Chapitre 28 - Tara ♔ : Confrontation.
« Le bonheur n'efface pas le désespoir, il s'écrit dessus. »
Je redoute ce moment depuis que Dorian a viré William, la dernière fois. Pour moi, il ne reste rien de plus qu'un machiste alcoolique et sans la moindre once d'humanité. Tout ça à cause d'un passé qu'il refuse d'accepté. Non, la misère n'est pas une fatalité. S'il avait l'ambition, il reprendrait sa vie en main dès maintenant, pas la veille de sa mort.
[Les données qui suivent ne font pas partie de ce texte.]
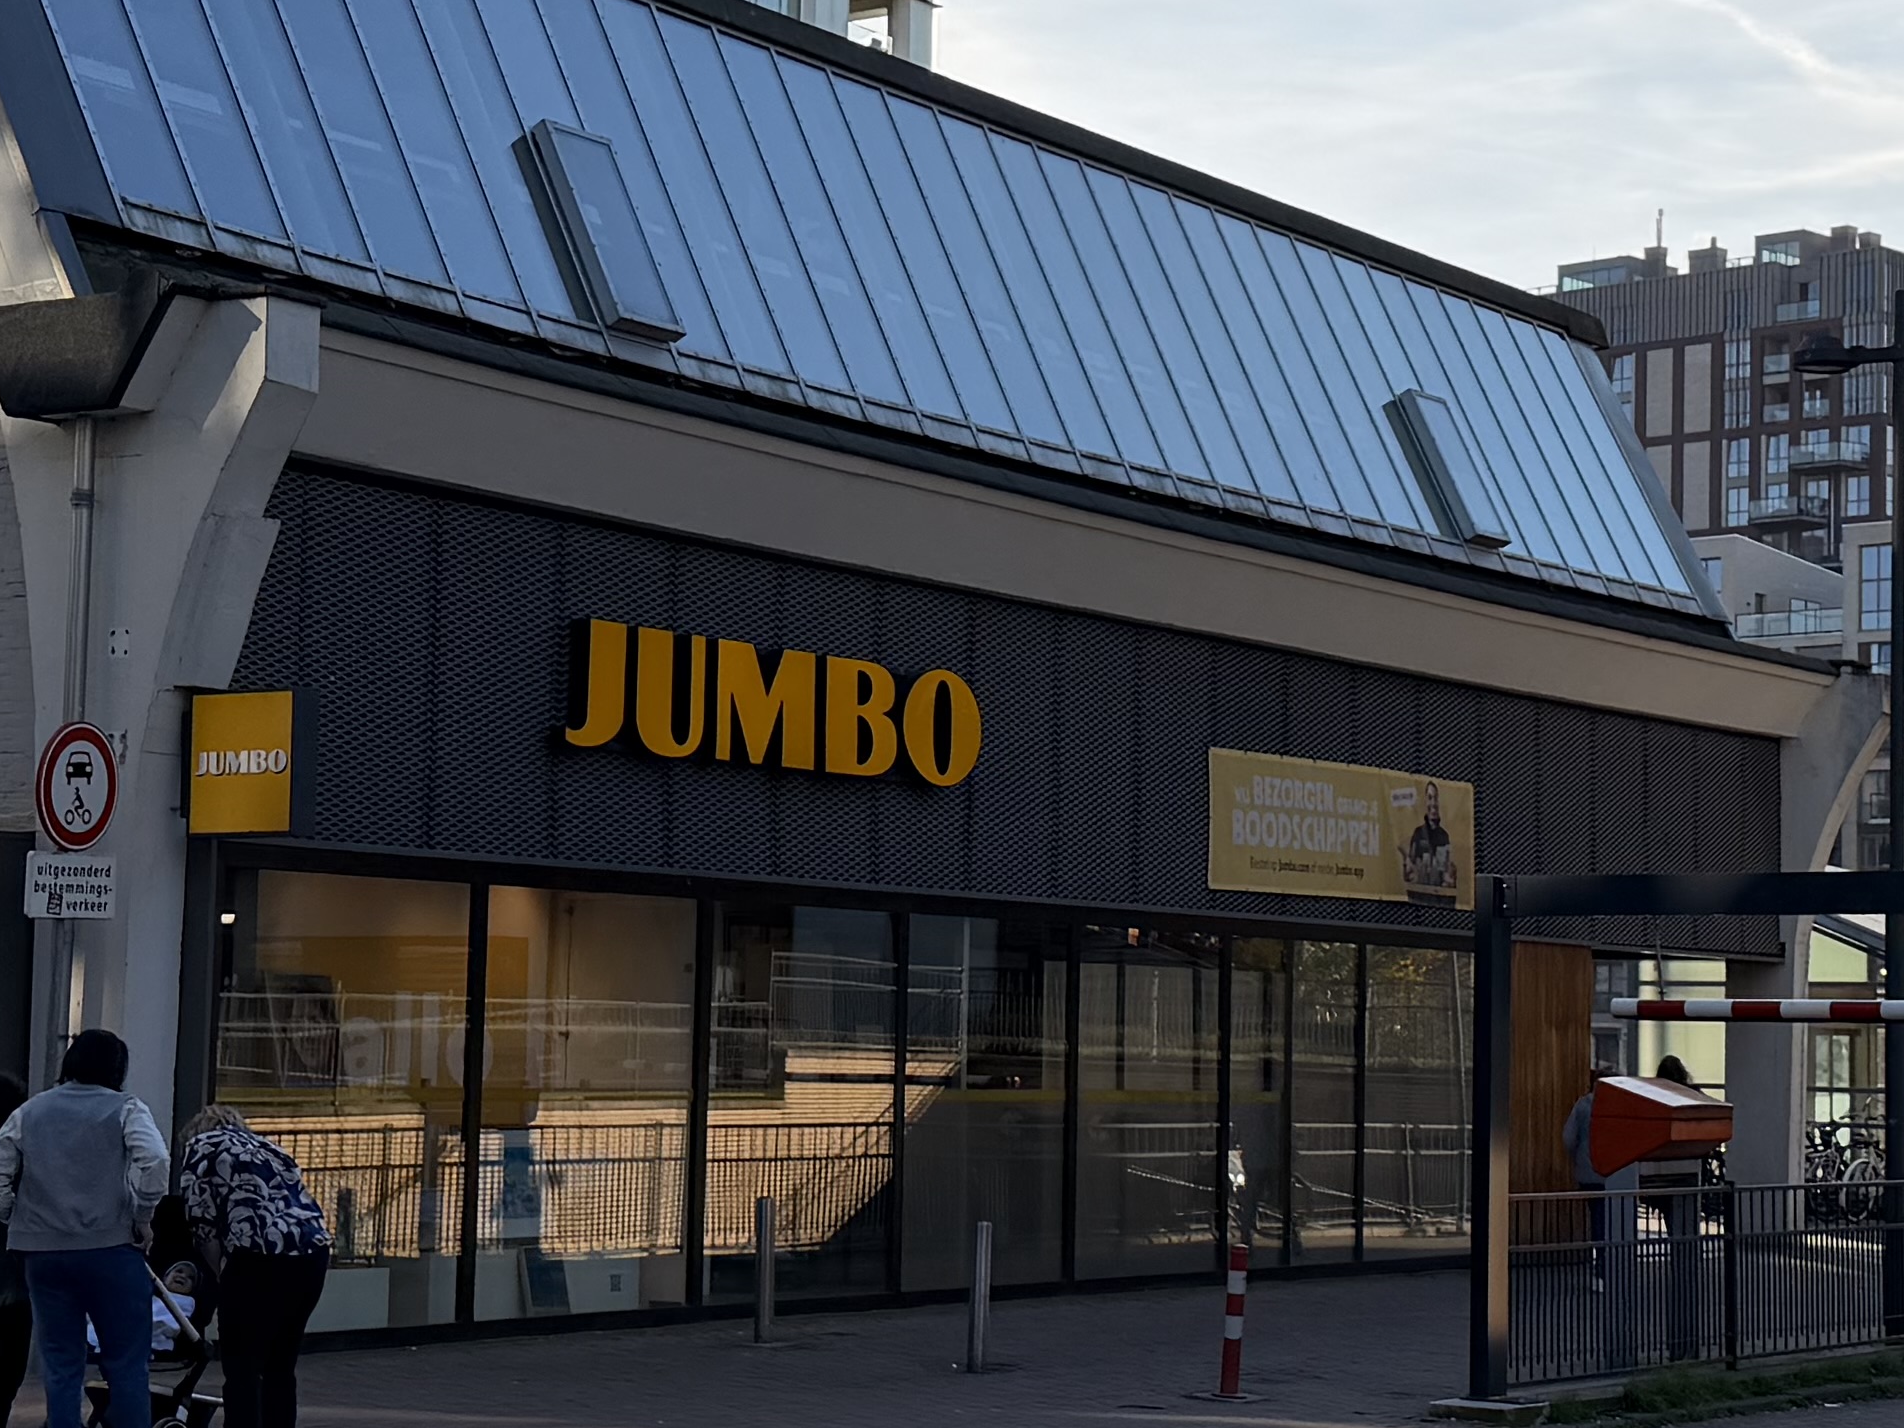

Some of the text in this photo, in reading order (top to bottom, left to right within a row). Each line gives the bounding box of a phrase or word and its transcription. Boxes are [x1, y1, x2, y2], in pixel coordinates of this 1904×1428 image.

Nous entrons enfin dans le pub. Dehors, il fait nuit noire depuis que nous sommes partis de la fête foraine. Et il me reste un churros. Edgar et Tony sont tous les deux accoudés au comptoir. L'un en face de l'autre. La porte du sous-sol n'attire toujours personne. J'ai vraiment été folle pour avoir l'audace de m'y aventurer alors que tout le monde s'en fout, dans le fond.
La chaleur de la pièce longiligne nous englobe aussitôt. Le chauffage ambiant réchauffe mes mains complètements gelées malgré le fait que je tienne toujours ma peluche fermement entre mes doigts.
On dirait une gosse.
Je pose le sachet de pâtisserie au bord du comptoir avant de faire quelque chose que je n'ai jamais osé faire face à Dorian : contourner la lignée de tabourets brunis avant de venir embrasser Ed' sur sa joue gauche.
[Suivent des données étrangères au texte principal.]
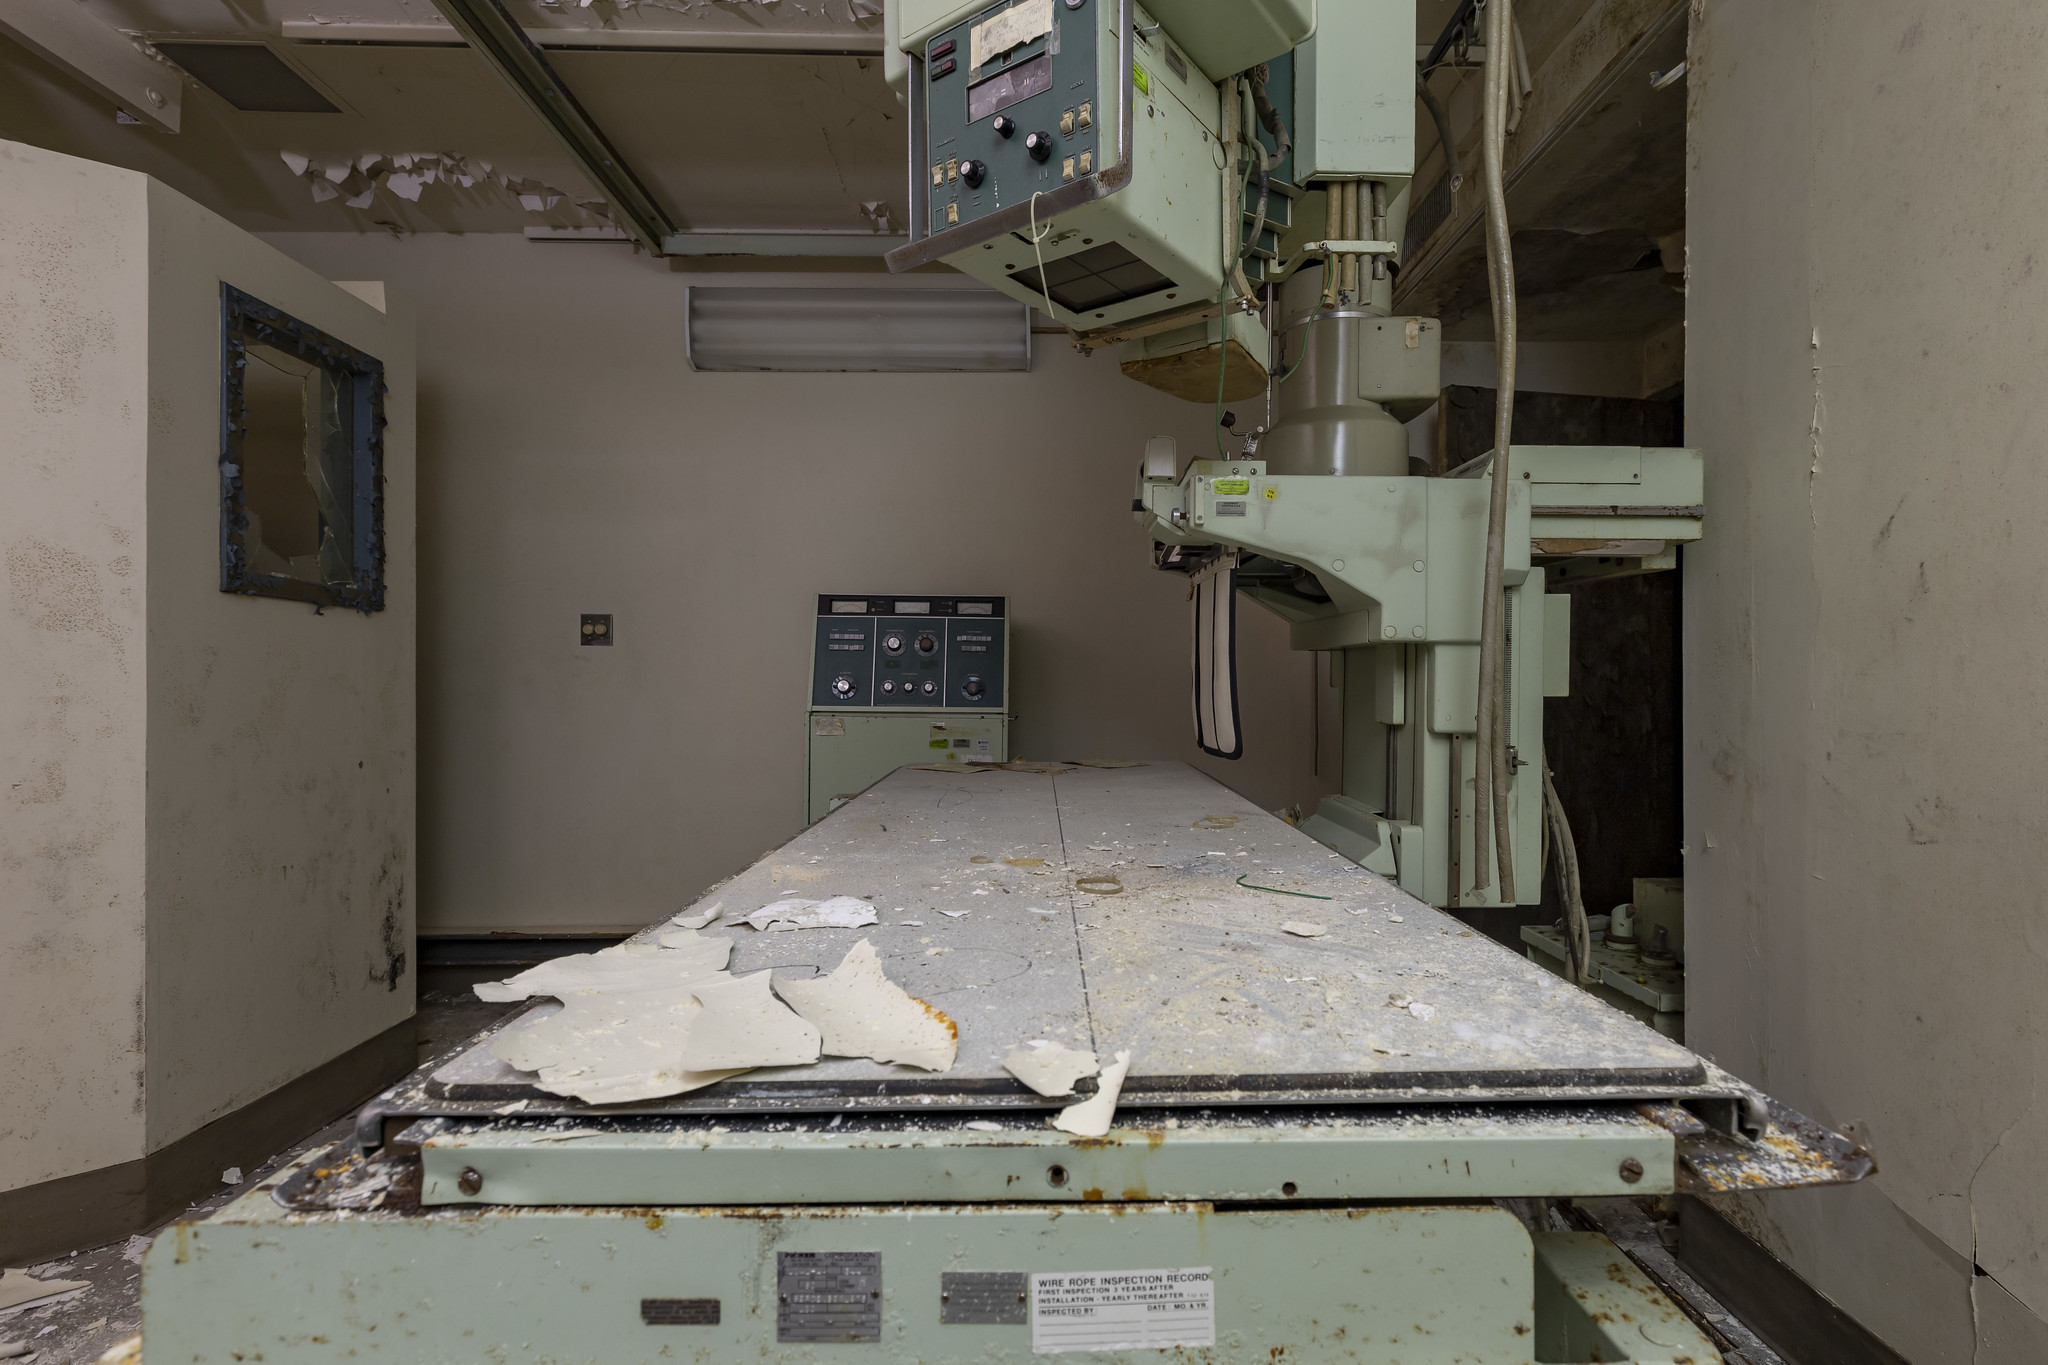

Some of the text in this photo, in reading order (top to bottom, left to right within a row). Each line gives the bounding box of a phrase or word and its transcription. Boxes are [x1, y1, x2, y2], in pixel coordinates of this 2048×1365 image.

Voilà, j'ai pris mon courage à deux mains.
Au premier abord surpris, tout autant que Tony, Dorian finit par venir s'installer à ma gauche. Je tends mon bras droit au plus loin possible avant d'attraper le paquet et de retirer le churros de ce dernier.
— Tiens.
Mon sourire est complètement idiot, mais je suppose que si Dorian a peiné tant d'années à pouvoir manger normalement, c'est qu'Edgar a dû faire pareil ? Sans hésitation, il attrape le churros et croque dedans, le sourire aux lèvres. Ses yeux sont rouges contrairement à ceux de Dorian mais bientôt, il va devoir mettre ses lentilles.
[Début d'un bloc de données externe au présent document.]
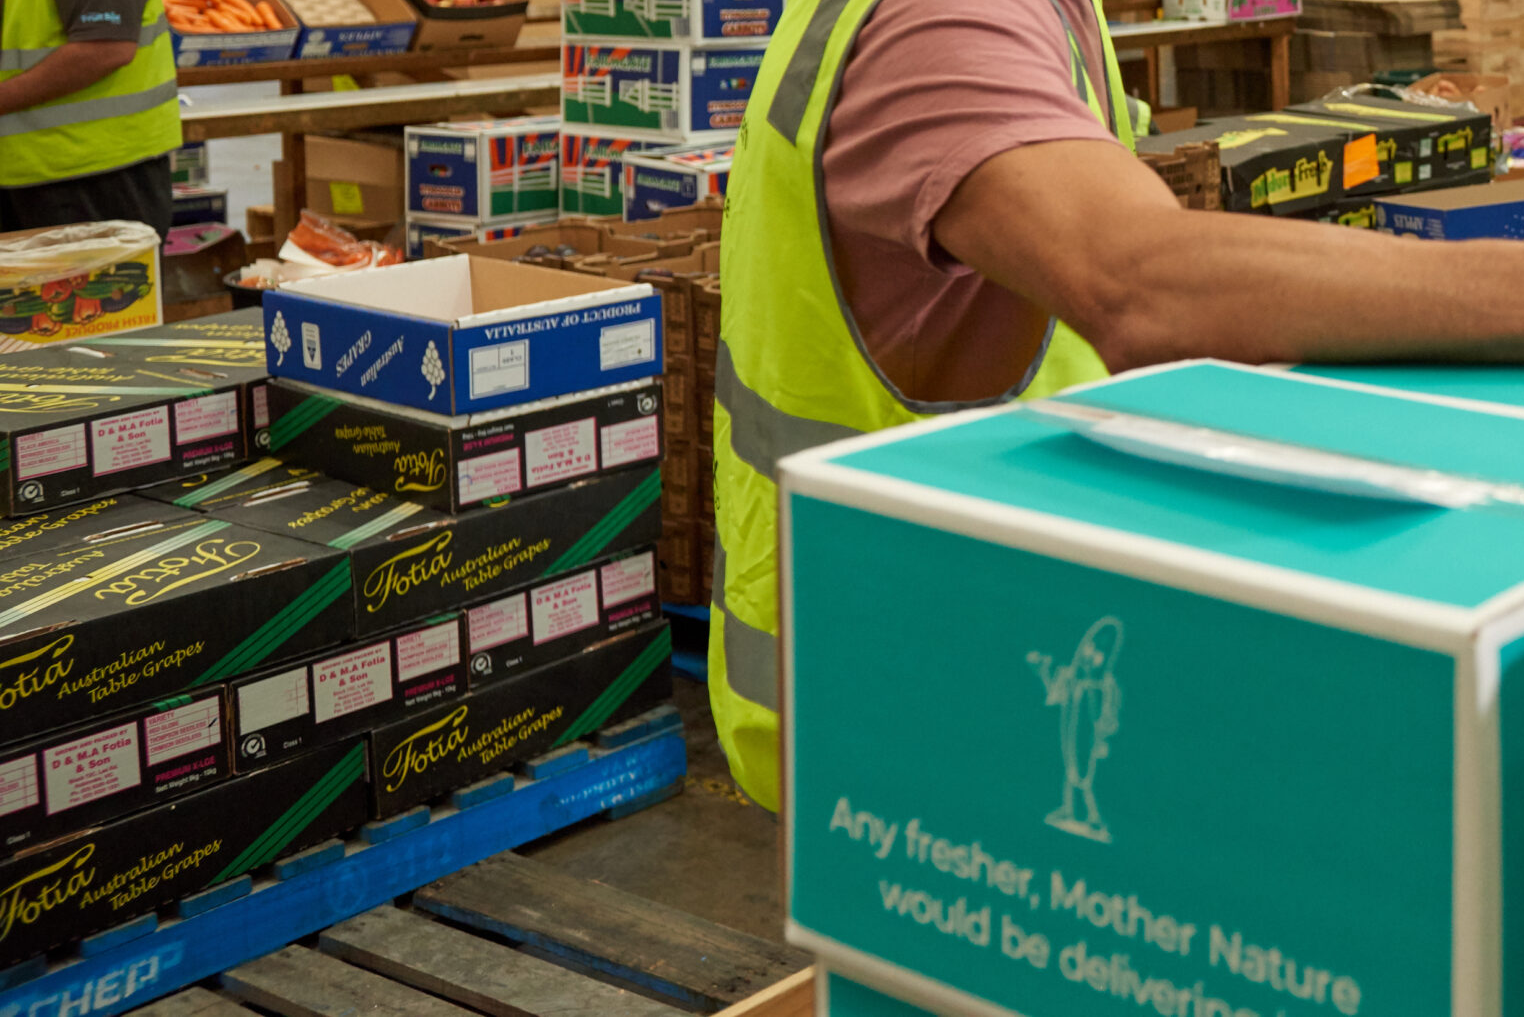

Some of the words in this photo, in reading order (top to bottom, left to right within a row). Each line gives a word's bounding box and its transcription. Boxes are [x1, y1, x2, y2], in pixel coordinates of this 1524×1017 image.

[65, 319, 120, 337] PRODUCE
[122, 313, 156, 328] FRESH
[485, 316, 559, 340] AUSTRALIA
[562, 314, 580, 328] OF
[581, 302, 641, 324] PRODUCT
[335, 330, 373, 377] GRAPES
[361, 335, 405, 387] Australian
[98, 429, 106, 438] D
[108, 426, 116, 435] &
[118, 422, 137, 433] M.A
[139, 417, 164, 429] Fotia
[117, 434, 125, 443] &
[128, 430, 146, 440] Son
[353, 440, 401, 457] Australian
[393, 448, 447, 492] Fotia
[94, 538, 261, 606] Fotia
[363, 531, 453, 613] Fotia
[440, 537, 522, 587] Australian
[462, 564, 502, 591] Table
[503, 538, 552, 572] Grapes
[57, 639, 166, 700] Australian
[88, 671, 142, 703] Table
[143, 640, 206, 679] Grapes
[319, 674, 327, 682] D
[329, 671, 337, 680] &
[340, 664, 358, 675] M.A
[361, 655, 386, 669] Fotia
[339, 678, 346, 686] &
[349, 672, 368, 682] Son
[52, 760, 61, 769] D
[64, 756, 73, 765] &
[76, 748, 99, 761] M.A
[102, 738, 132, 752] Fotia
[383, 705, 469, 793] Fotia
[456, 707, 536, 763] Australian
[479, 735, 517, 765] Table
[518, 705, 565, 741] Grapes
[76, 764, 84, 773] &
[88, 757, 111, 769] Son
[0, 843, 97, 942] Fotia
[79, 840, 185, 910] Australian
[109, 876, 162, 911] Table
[162, 839, 223, 881] Grapes
[829, 796, 898, 859] Any
[903, 817, 1040, 911] fresher,
[1050, 870, 1197, 956] Mother
[1208, 923, 1362, 1016] Nature
[878, 879, 991, 947] would
[1000, 914, 1050, 969] be
— Vous avez passé une bonne journée, je suppose ?
— Tu supposes bien, lui affirme Dorian. J'avais l'impression d'emmener une enfant, se marre-t-il.
Gênée, je reste silencieuse entre les deux, observant Edgar prendre un malin plaisir à déguster très lentement son churros. Finalement, il se lève, prêt à s'en aller au sous-sol.
— Je vais mettre mes lentilles et voir avec Samuel si tout roule en bas. Je reviens de suite, nous annonce-t-il en s'éclipsant derrière le battant au fond de la pièce.
Dorian se tourne vivement vers Tony, occupé à récuré la vaiselle sale.
— Gamin, si William se pointe, pas un mot. T'as pigé ?
Le concerné relève le visage et fixe Dorian, comme déstabilisé.
— Oui, patron.
— Good. J'aimerais que personne n'ouvre sa gueule à part Tara. Que William se rende compte de son erreur de la dernière fois. Je ne laisse plus passer une seule de ses conneries, grogne-t-il, poing droit serré sur la table.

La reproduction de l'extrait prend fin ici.